Kidulting might sound odd but it’s new, trending and spiking an economic force. At its core, kidulting is the phenomenon of adults — primarily Millennials and Gen Z — spending real, significant dollars on products, experiences, and brands that reconnect them to childhood joy.

We’re not talking about a guy buying a vintage baseball card at a garage sale. We’re talking about:

  • LEGO’s Botanical Collection generating hundreds of millions in revenue, sold almost entirely to stressed adults who want something beautiful to build on a Saturday night
  • Stanley Cups transforming a utility product into a childhood lunchbox-coded status symbol
  • Luxury fashion houses — Balenciaga, Gucci, Coach — dropping Hello Kitty and Pokémon collabs that sell out in hours
  • Adults paying premium prices for cereal bars and retro candy shops that didn’t even exist when they were kids — they just feel like they did

This isn’t nostalgia for nostalgia’s sake. This is nostalgia engineered as a business model.

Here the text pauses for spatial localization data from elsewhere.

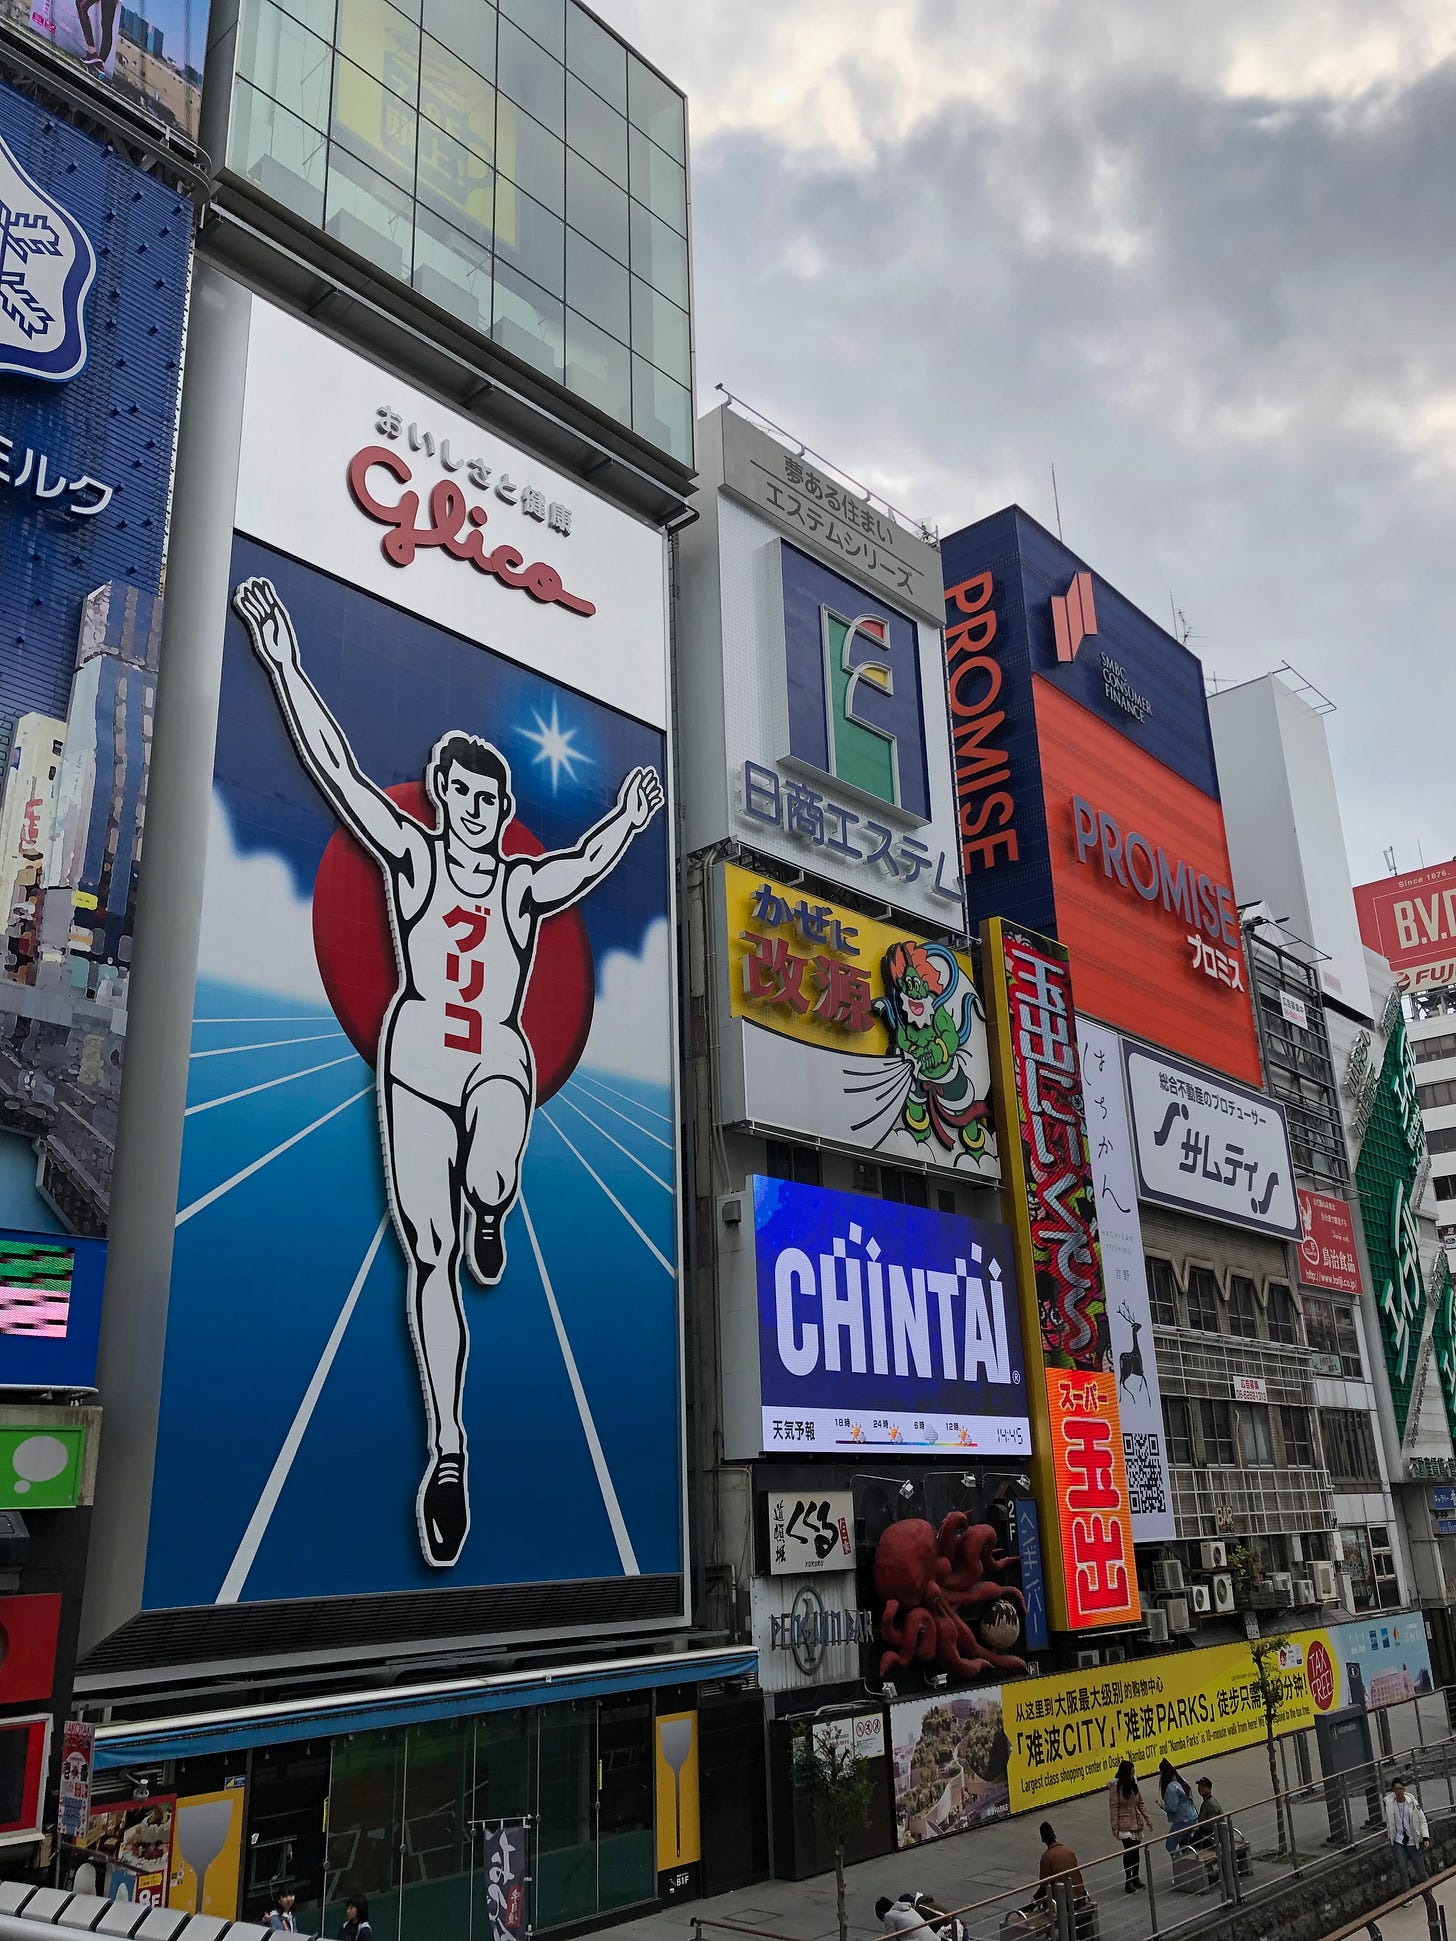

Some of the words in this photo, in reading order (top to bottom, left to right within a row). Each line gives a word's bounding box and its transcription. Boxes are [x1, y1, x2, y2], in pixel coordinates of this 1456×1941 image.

[375, 405, 572, 537] おいしさと健康
[784, 455, 893, 544] 夢ある住まい
[346, 445, 596, 618] Glico
[766, 481, 913, 595] エステムシリーズ
[1101, 652, 1127, 682] SMBC
[1103, 668, 1153, 717] CONSUMER
[943, 570, 1019, 875] PROMISE
[1105, 682, 1145, 724] FINANCE
[744, 760, 967, 903] 日商エステム
[1073, 794, 1239, 949] PROMISE
[1398, 877, 1424, 889] Since
[751, 883, 861, 956] かぜに
[441, 904, 491, 1055] グリコ
[740, 930, 876, 1032] 改源
[1187, 933, 1245, 993] プロミス
[1083, 1041, 1131, 1214] はちかん
[1158, 1071, 1267, 1126] 総合不動産のプロデューサー
[1179, 1127, 1259, 1192] サムティ
[772, 1419, 815, 1441] 天気予報
[834, 1418, 851, 1428] 18時
[873, 1419, 889, 1429] 24時
[914, 1421, 925, 1430] 6時
[945, 1422, 959, 1432] 12時
[1059, 1380, 1108, 1412] スーパー
[786, 1500, 839, 1560] くくる
[1061, 1417, 1131, 1615] 玉出
[1020, 1511, 1043, 1634] ペンギンバー
[845, 1608, 874, 1646] BAR
[1309, 1647, 1327, 1679] TAX
[1020, 1775, 1044, 1794] Largest
[1044, 1772, 1060, 1787] class
[1060, 1765, 1084, 1783] shopping
[1085, 1760, 1102, 1776] center
[1102, 1757, 1109, 1771] in
[1159, 1743, 1168, 1755] and
[1201, 1733, 1206, 1744] is
[1205, 1725, 1227, 1742] 10-minute
[1227, 1722, 1238, 1737] walk
[1237, 1722, 1248, 1734] from
[676, 1875, 689, 1887] B1F

Why the Nostalgia Economy Is Exploding Right Now

Here’s a question your competitors probably aren’t asking: Why now?

Timing isn’t random. The nostalgia economy is surging for extremely specific, traceable reasons and understanding them is the difference between a trend you can actually monetize and one you’re just reading think pieces about.

Reason #1: Collective trauma creates collective regression.

The pandemic didn’t just disrupt supply chains, it disrupted people’s sense of safety and predictability. In the aftermath, consumer psychology research has shown a consistent pattern: when the world feels unstable, humans reach backward. Toward the familiar. Toward comfort. Toward things that existed before the uncertainty did.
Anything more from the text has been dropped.